--- Work instructions ---
The result should be an exact copy of the entries below, free of pictures.

================

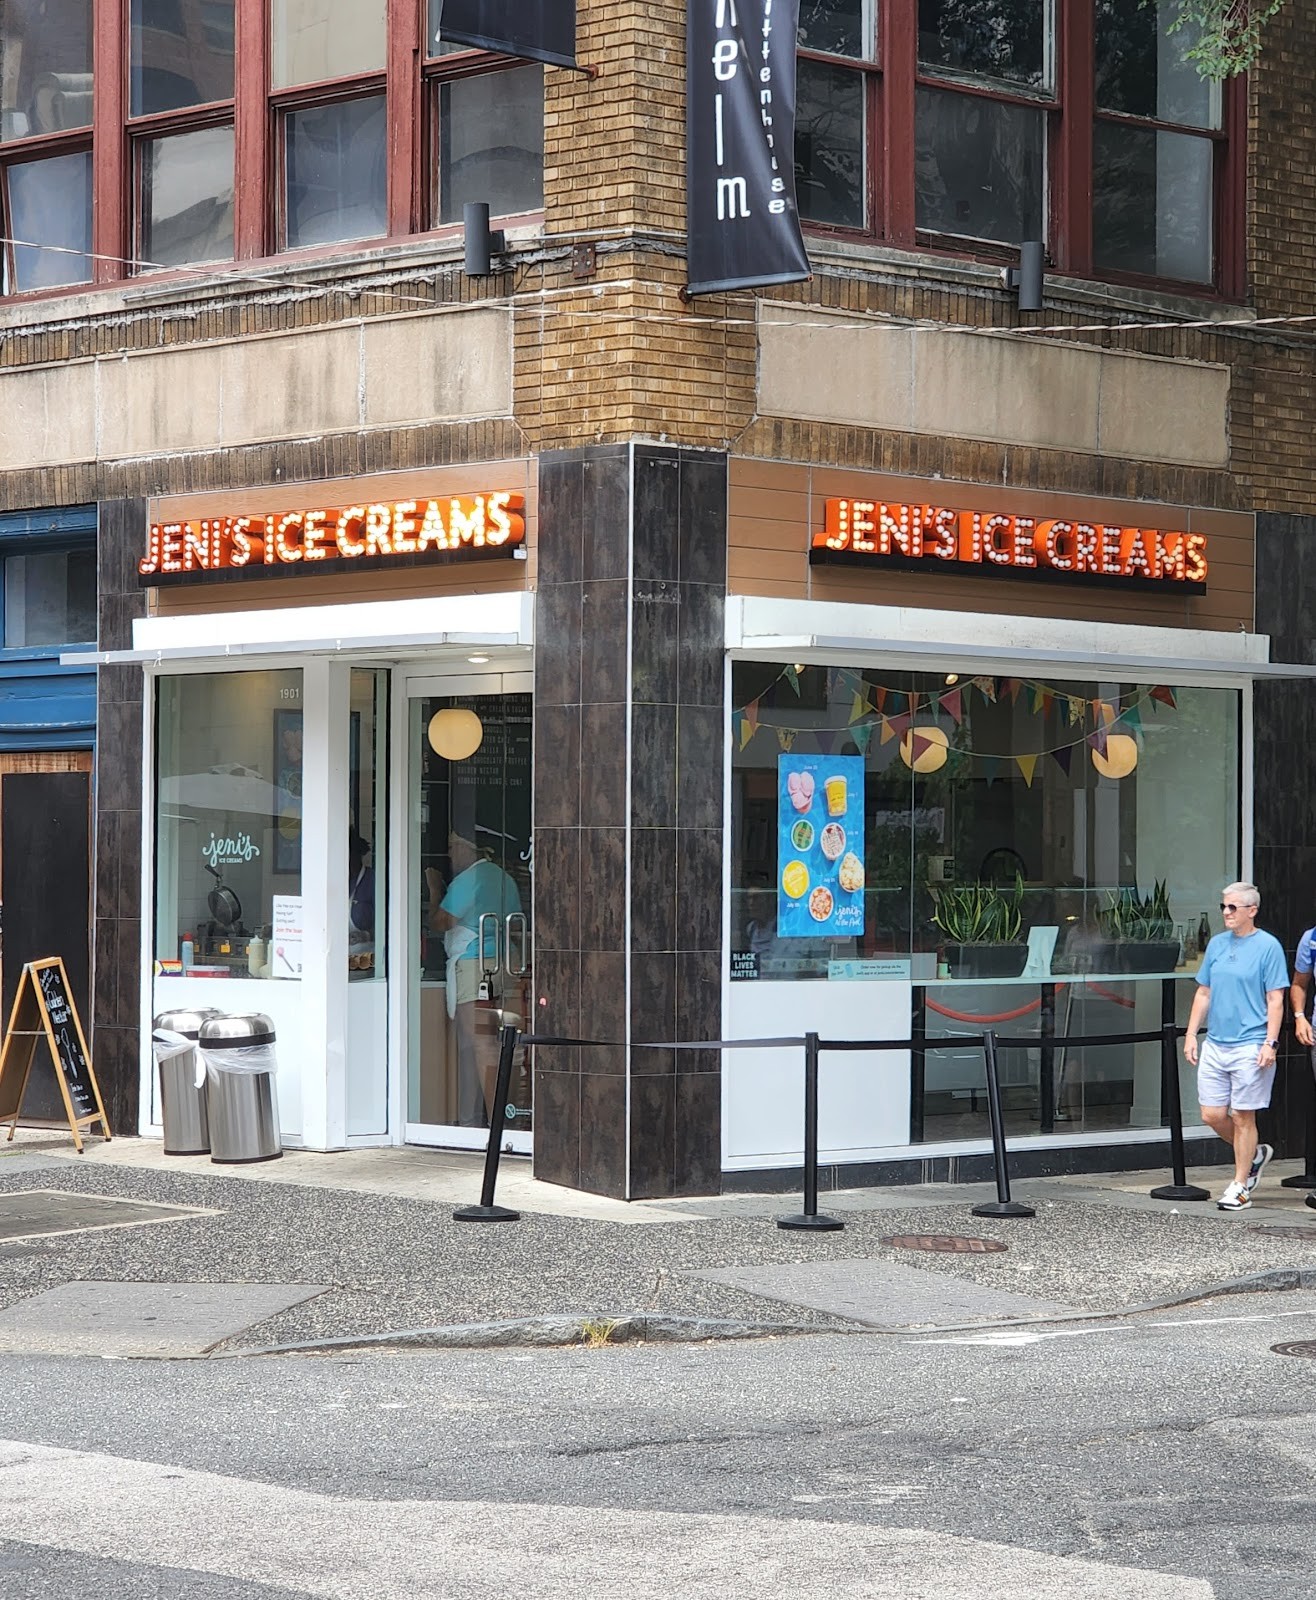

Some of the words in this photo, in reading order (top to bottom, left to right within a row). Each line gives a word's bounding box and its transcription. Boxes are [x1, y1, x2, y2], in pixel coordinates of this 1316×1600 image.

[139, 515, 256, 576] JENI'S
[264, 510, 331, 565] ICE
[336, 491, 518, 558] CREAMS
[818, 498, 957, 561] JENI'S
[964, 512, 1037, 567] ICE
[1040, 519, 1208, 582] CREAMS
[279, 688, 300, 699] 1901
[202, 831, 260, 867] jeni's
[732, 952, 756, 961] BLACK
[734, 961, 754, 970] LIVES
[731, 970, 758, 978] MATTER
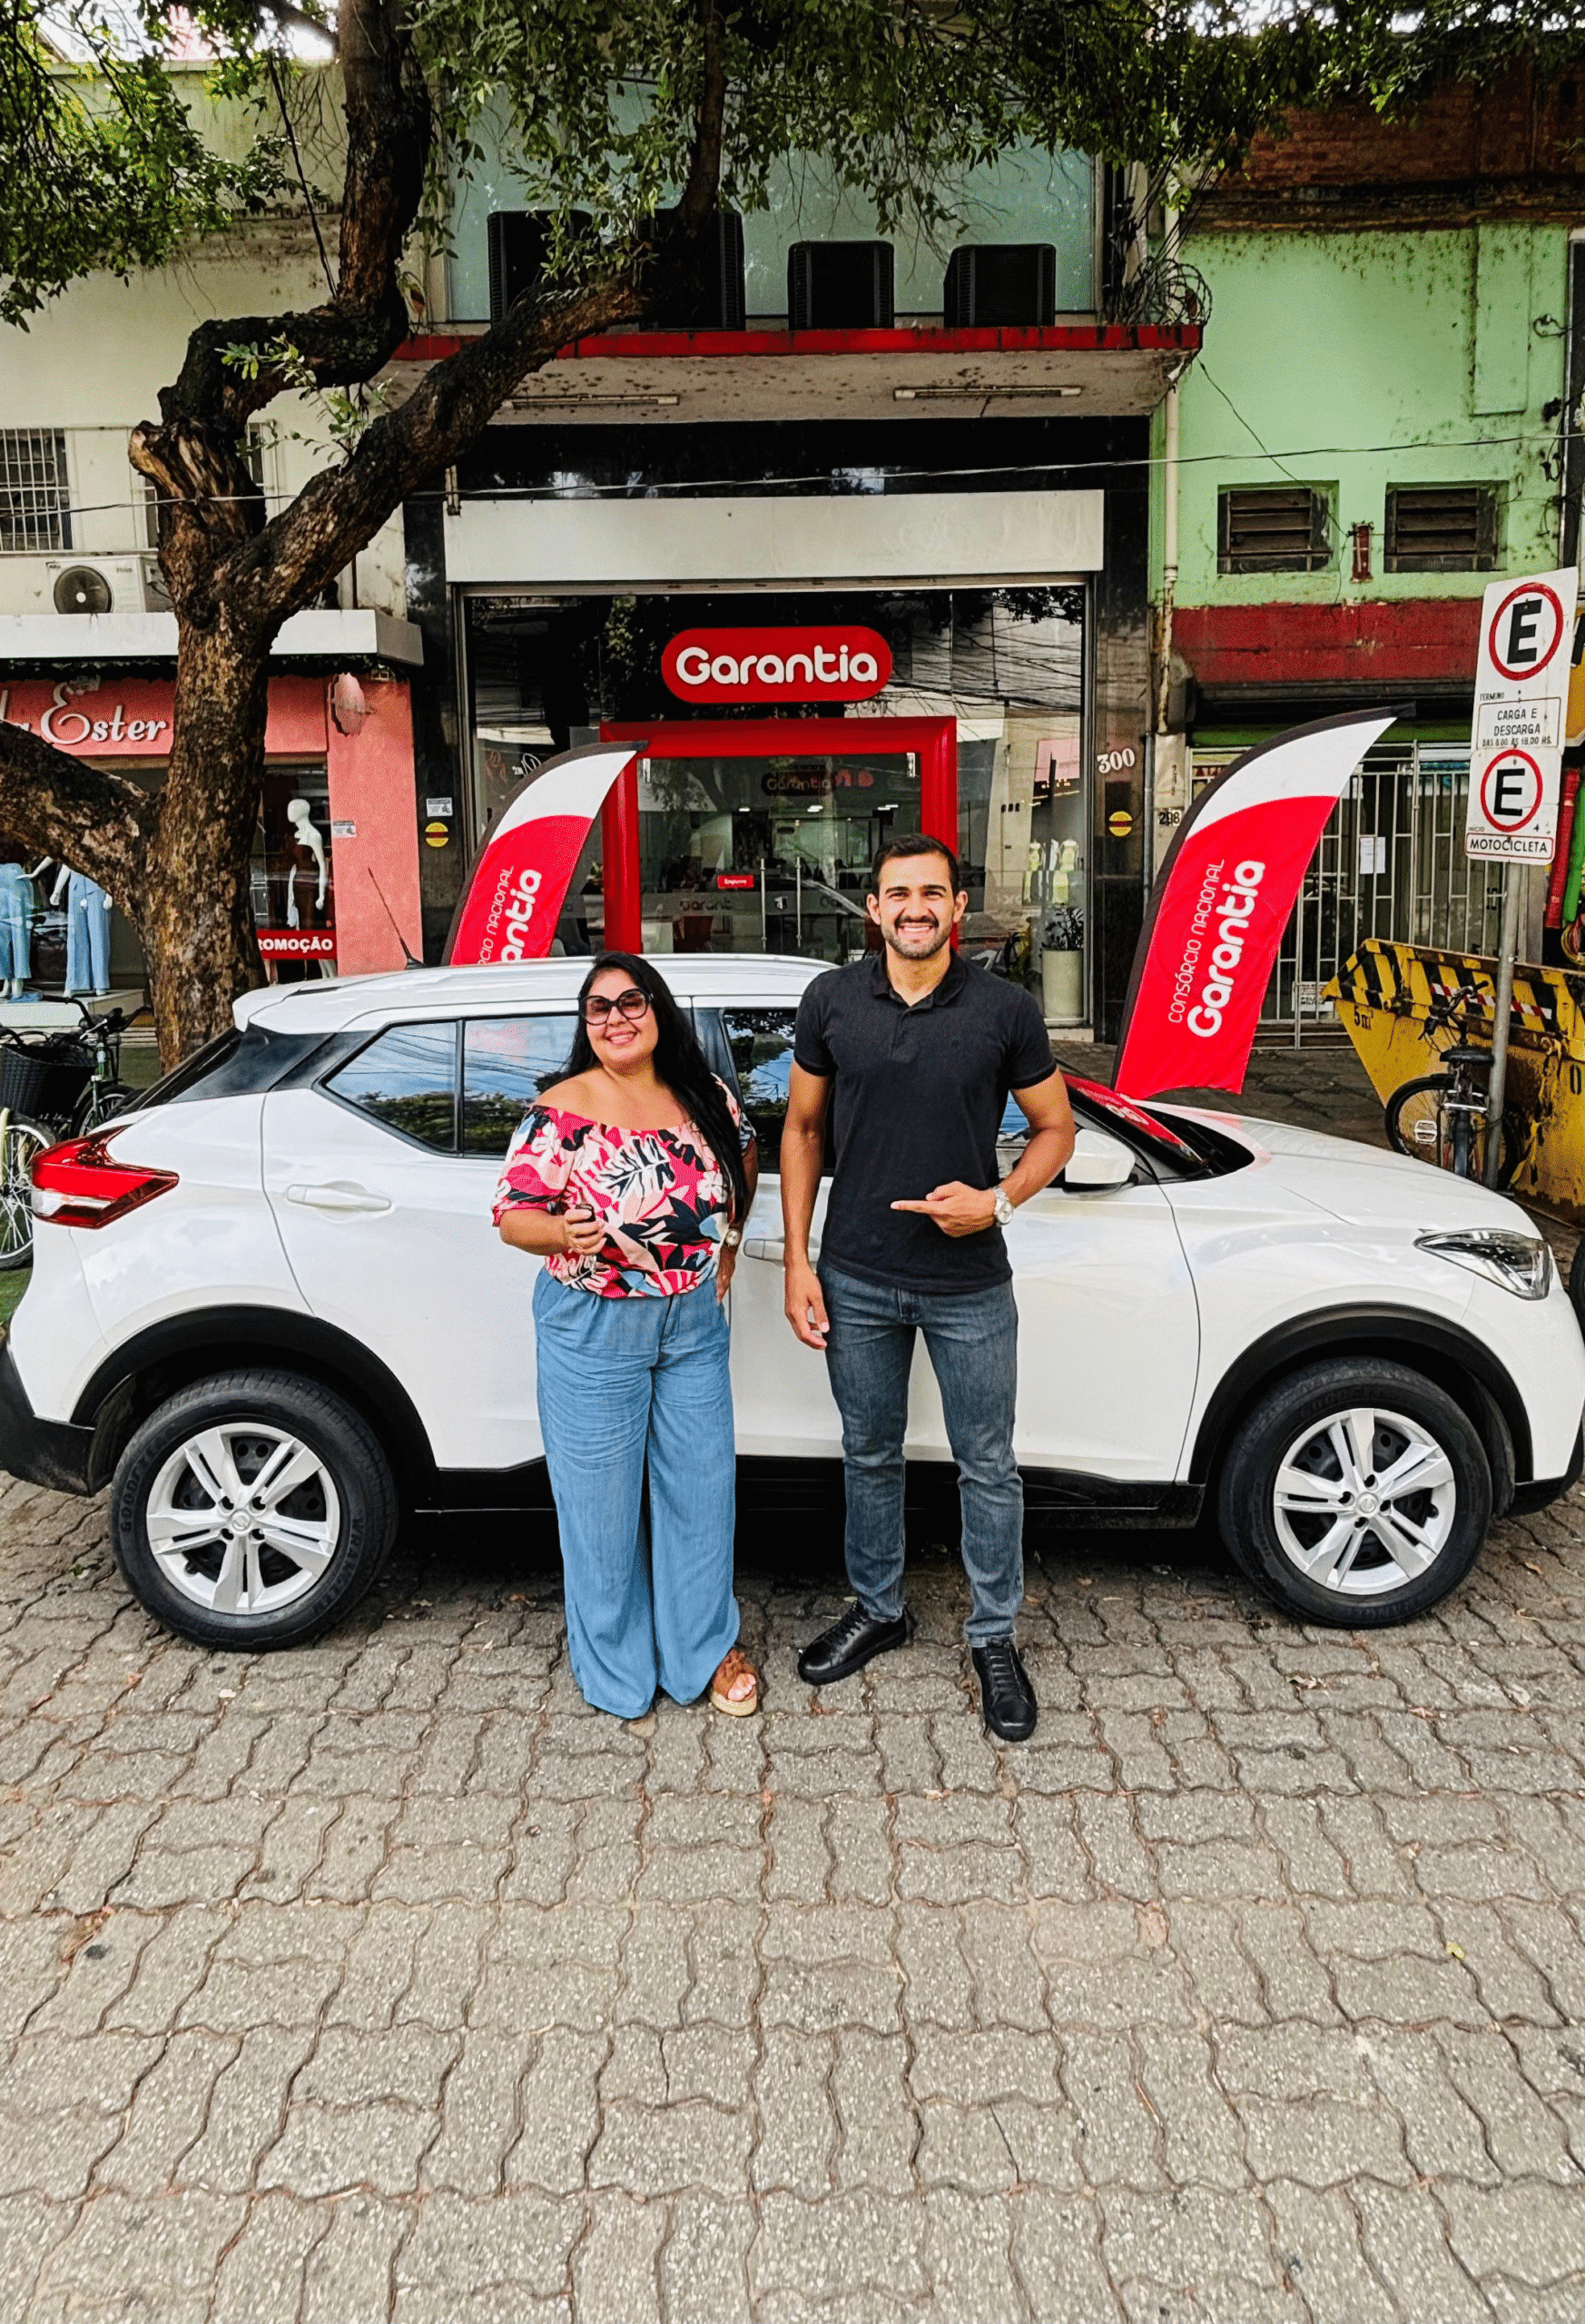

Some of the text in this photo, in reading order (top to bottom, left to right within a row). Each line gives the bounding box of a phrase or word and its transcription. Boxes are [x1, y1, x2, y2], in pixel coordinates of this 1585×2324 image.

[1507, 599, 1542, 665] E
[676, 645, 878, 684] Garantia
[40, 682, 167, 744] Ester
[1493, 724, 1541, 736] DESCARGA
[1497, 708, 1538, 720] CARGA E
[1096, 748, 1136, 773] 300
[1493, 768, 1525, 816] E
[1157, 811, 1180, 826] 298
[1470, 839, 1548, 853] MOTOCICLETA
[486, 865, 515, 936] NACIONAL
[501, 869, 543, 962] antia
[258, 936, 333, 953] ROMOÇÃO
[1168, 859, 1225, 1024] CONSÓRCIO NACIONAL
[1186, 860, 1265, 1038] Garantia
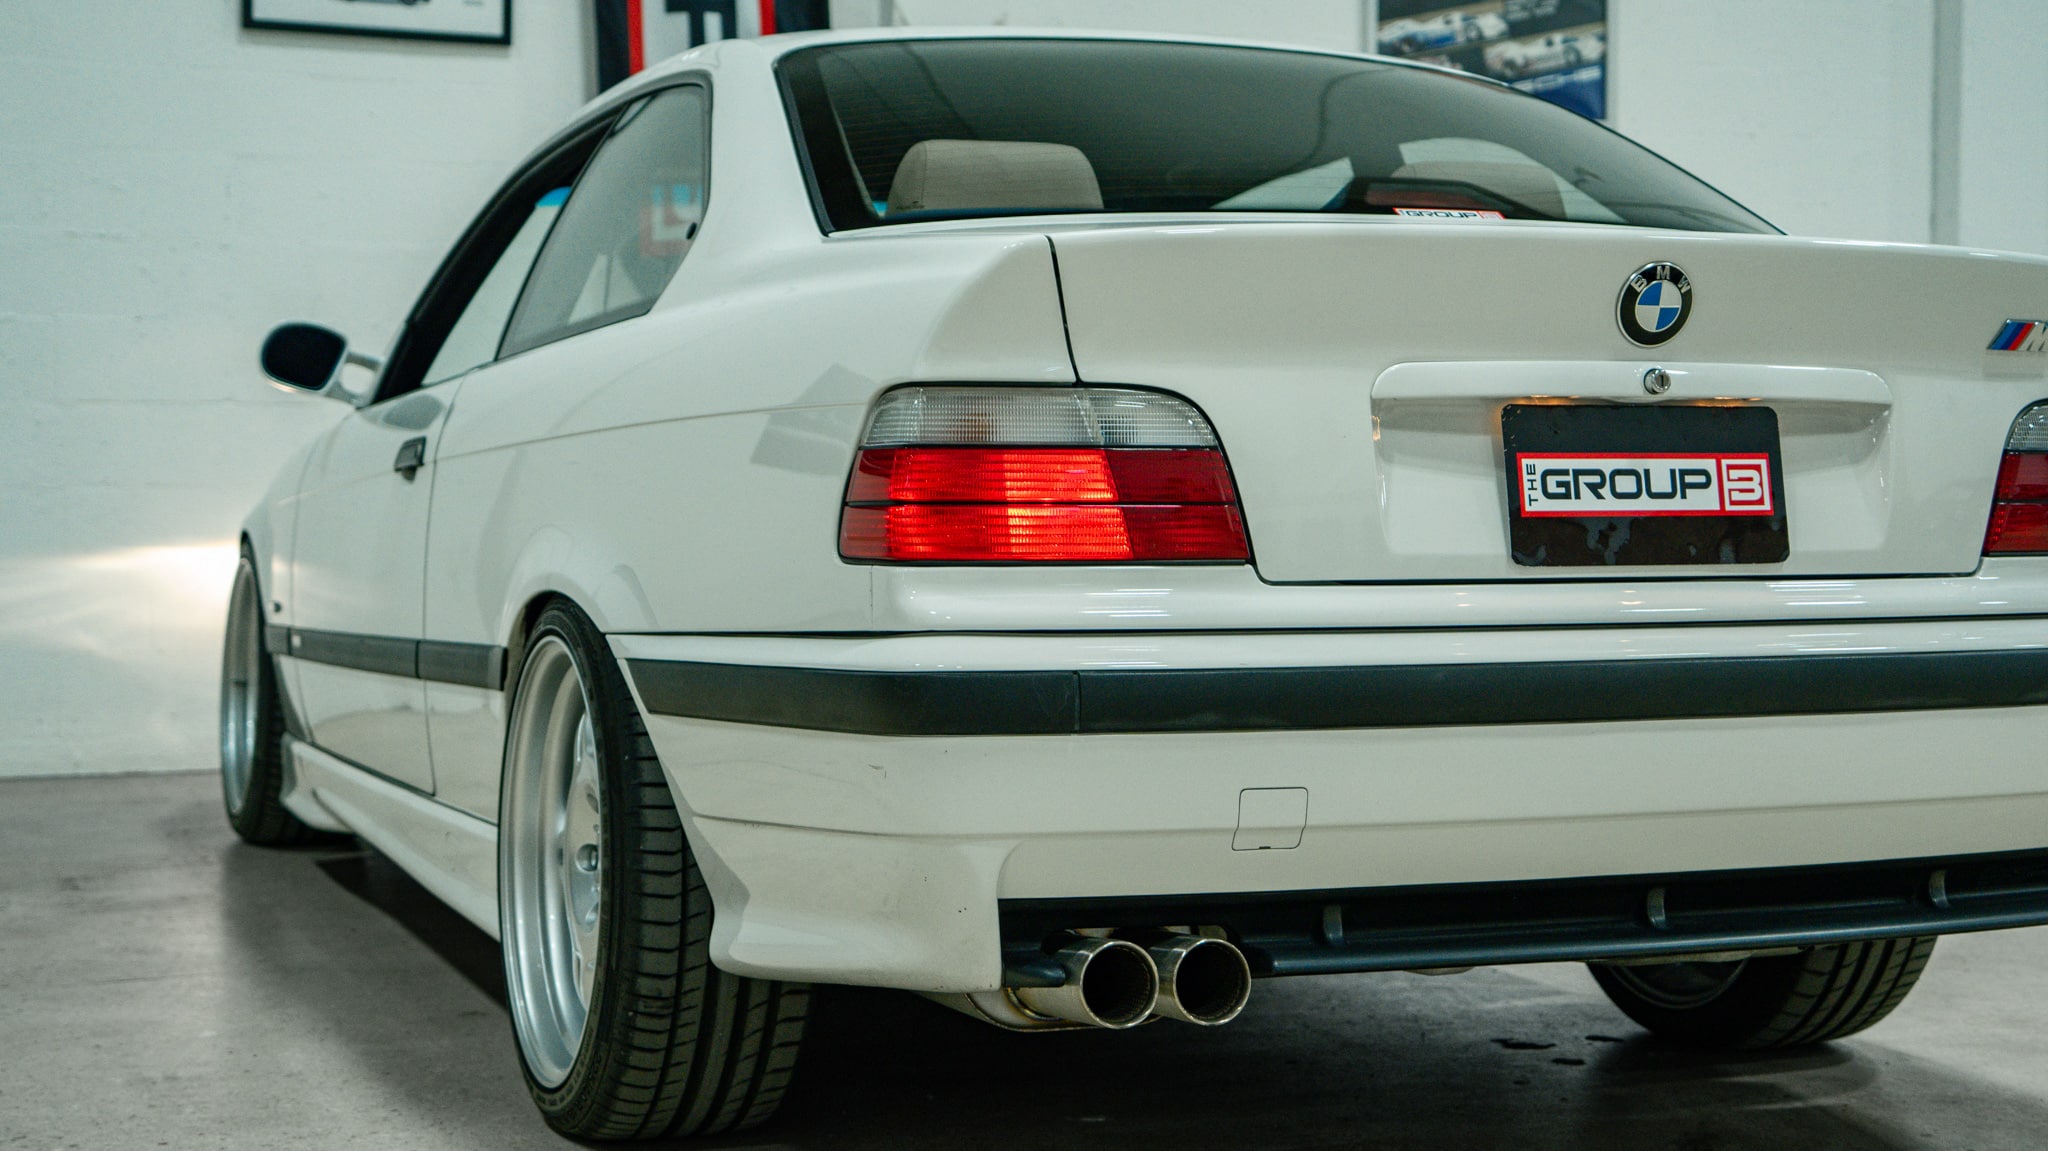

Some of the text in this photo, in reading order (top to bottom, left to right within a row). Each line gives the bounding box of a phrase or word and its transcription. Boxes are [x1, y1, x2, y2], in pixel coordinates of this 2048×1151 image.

================

--- Solution to this task ---
Some of the words in this photo, in reading order (top to bottom, left to right within a row). Each line gives a word's bounding box and its transcription. Boxes are [x1, y1, x2, y2], in pixel coordinates of this 1316×1600 image.

[139, 515, 256, 576] JENI'S
[264, 510, 331, 565] ICE
[336, 491, 518, 558] CREAMS
[818, 498, 957, 561] JENI'S
[964, 512, 1037, 567] ICE
[1040, 519, 1208, 582] CREAMS
[279, 688, 300, 699] 1901
[202, 831, 260, 867] jeni's
[732, 952, 756, 961] BLACK
[734, 961, 754, 970] LIVES
[731, 970, 758, 978] MATTER

Some of the text in this photo, in reading order (top to bottom, left to right within a row). Each line gives the bounding box of a phrase or word and its transcription. Boxes are [x1, y1, x2, y2], in pixel coordinates of this 1585×2324 image.

[1507, 599, 1542, 665] E
[676, 645, 878, 684] Garantia
[40, 682, 167, 744] Ester
[1493, 724, 1541, 736] DESCARGA
[1497, 708, 1538, 720] CARGA E
[1096, 748, 1136, 773] 300
[1493, 768, 1525, 816] E
[1157, 811, 1180, 826] 298
[1470, 839, 1548, 853] MOTOCICLETA
[486, 865, 515, 936] NACIONAL
[501, 869, 543, 962] antia
[258, 936, 333, 953] ROMOÇÃO
[1168, 859, 1225, 1024] CONSÓRCIO NACIONAL
[1186, 860, 1265, 1038] Garantia

Some of the text in this photo, in reading order (top to bottom, left to right within a row). Each line gives the bounding box of a phrase or word and its transcription. Boxes are [x1, y1, x2, y2], in pixel coordinates of this 2048×1151 image.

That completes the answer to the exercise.